• **WHAT NEEDS TO BE DONE**: Repeat the entries below exactly, pictures excluded.

Saved entries:
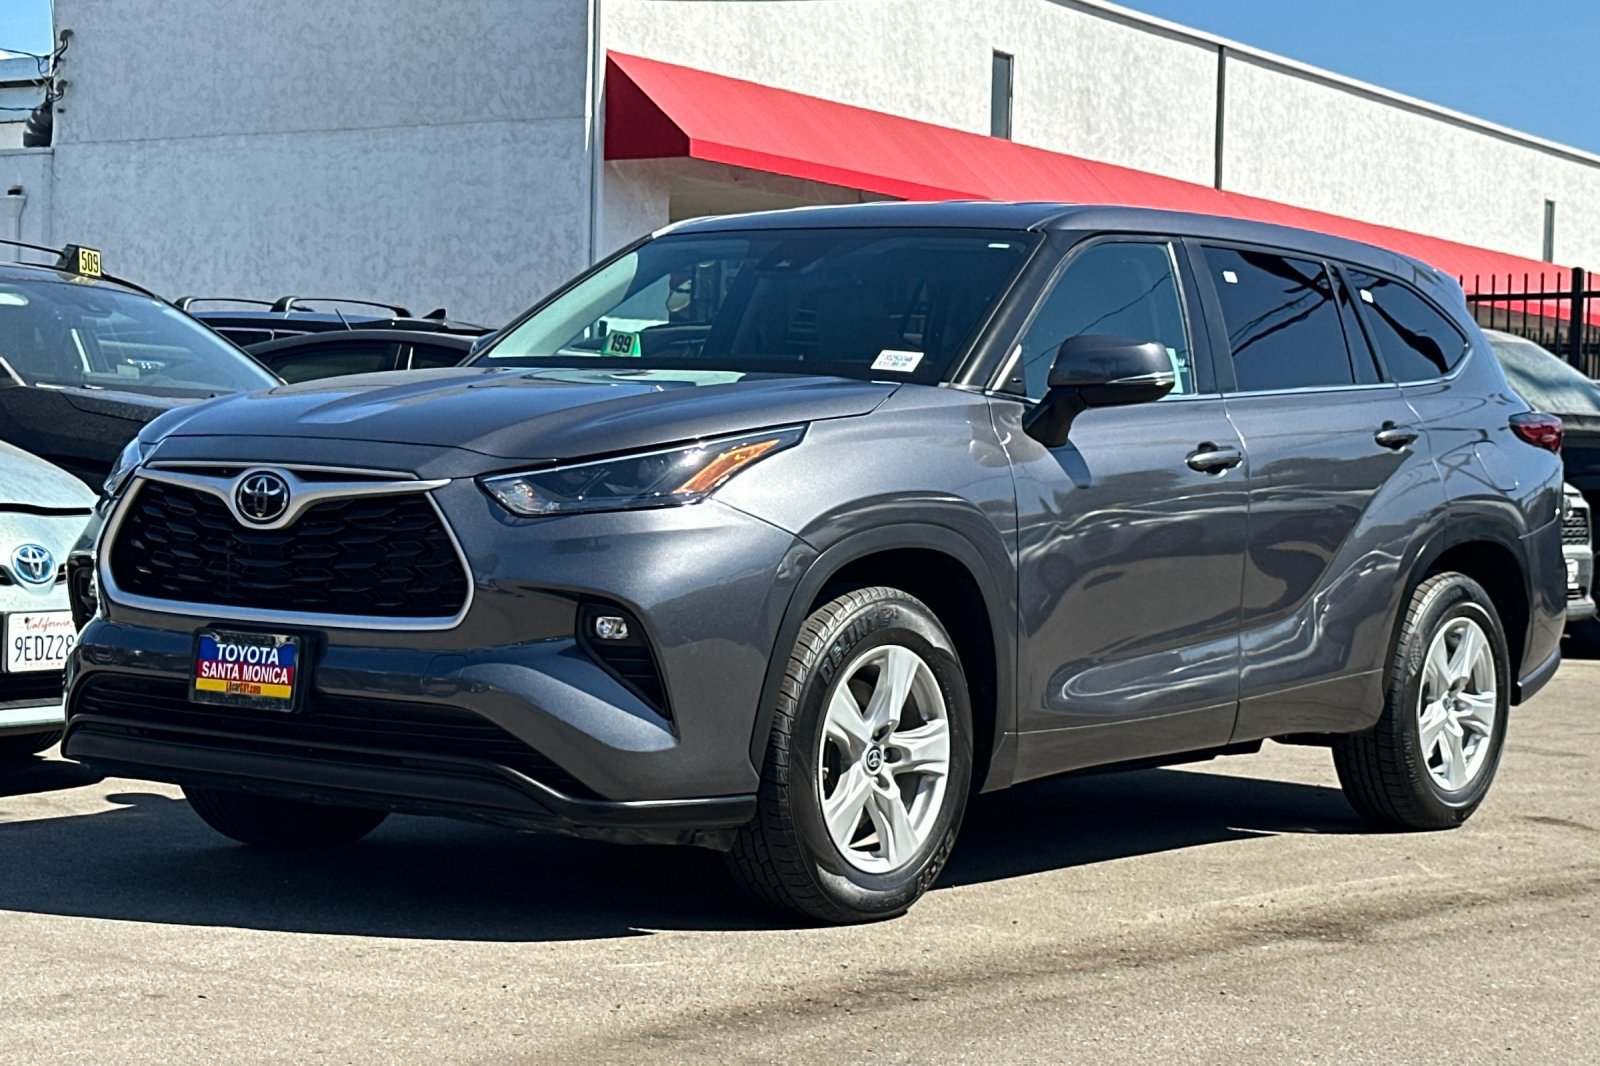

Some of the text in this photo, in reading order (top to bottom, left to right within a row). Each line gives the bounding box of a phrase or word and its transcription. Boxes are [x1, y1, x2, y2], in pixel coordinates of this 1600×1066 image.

[81, 251, 99, 273] 509
[611, 333, 632, 354] 199
[24, 616, 72, 632] California
[216, 643, 280, 665] TOYOTA
[201, 661, 289, 684] SANTA MONICA
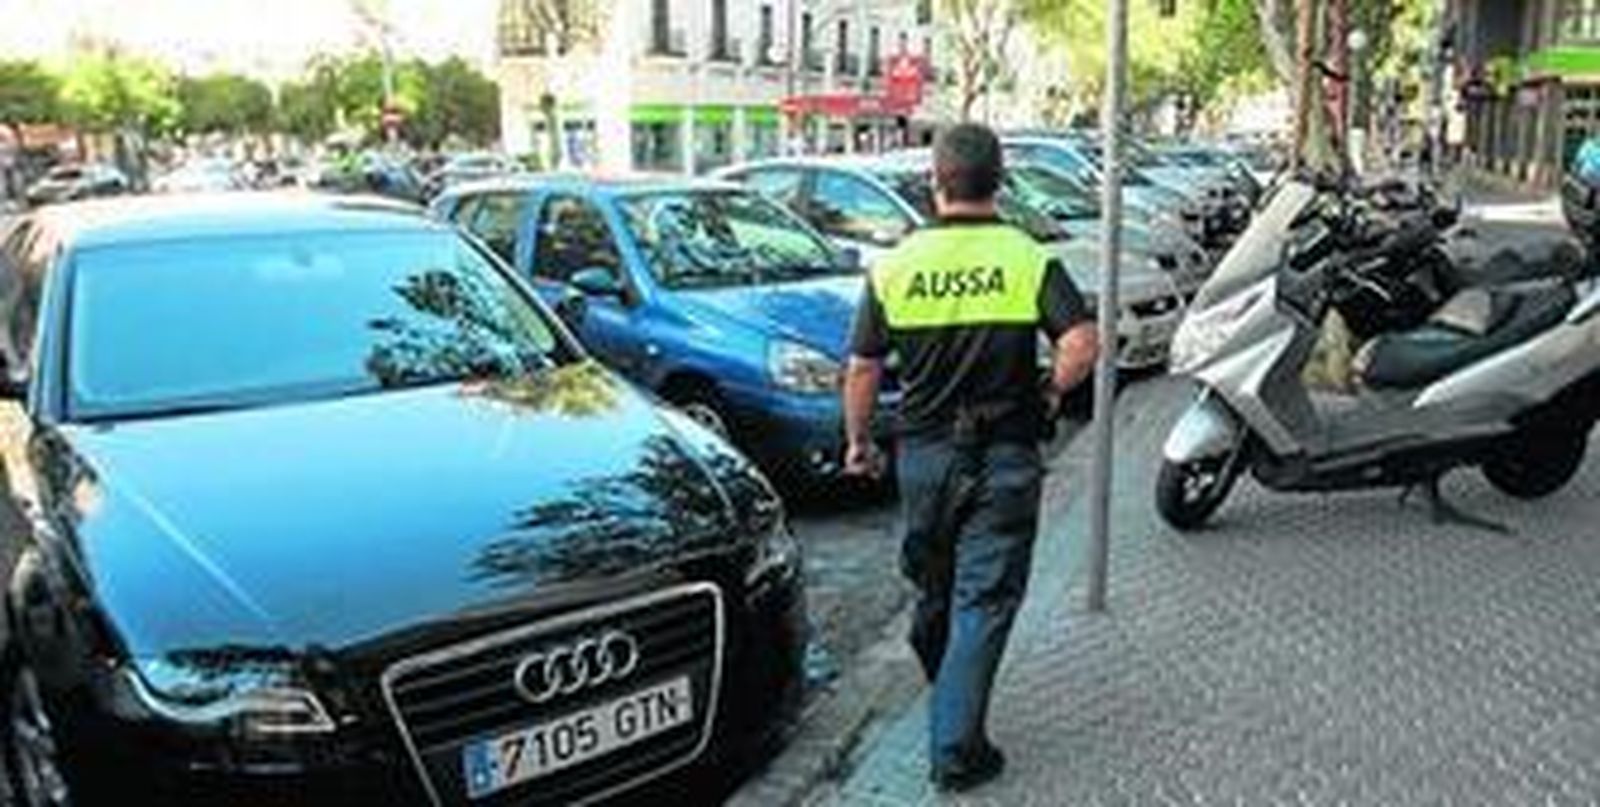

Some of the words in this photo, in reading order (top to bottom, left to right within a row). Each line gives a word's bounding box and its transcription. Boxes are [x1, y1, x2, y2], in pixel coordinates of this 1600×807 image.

[905, 266, 1005, 299] AUSSA
[503, 713, 598, 778] 7105
[615, 687, 677, 739] GTN

• **REPLY**:
Some of the text in this photo, in reading order (top to bottom, left to right within a row). Each line gives the bounding box of a phrase or word and its transcription. Boxes are [x1, y1, x2, y2], in pixel coordinates of this 1600×1066 image.

[81, 251, 99, 273] 509
[611, 333, 632, 354] 199
[24, 616, 72, 632] California
[216, 643, 280, 665] TOYOTA
[201, 661, 289, 684] SANTA MONICA

Some of the words in this photo, in reading order (top to bottom, left to right within a row). Each line gives a word's bounding box and its transcription. Boxes are [x1, y1, x2, y2], in pixel coordinates of this 1600×807 image.

[905, 266, 1005, 299] AUSSA
[503, 713, 598, 778] 7105
[615, 687, 677, 739] GTN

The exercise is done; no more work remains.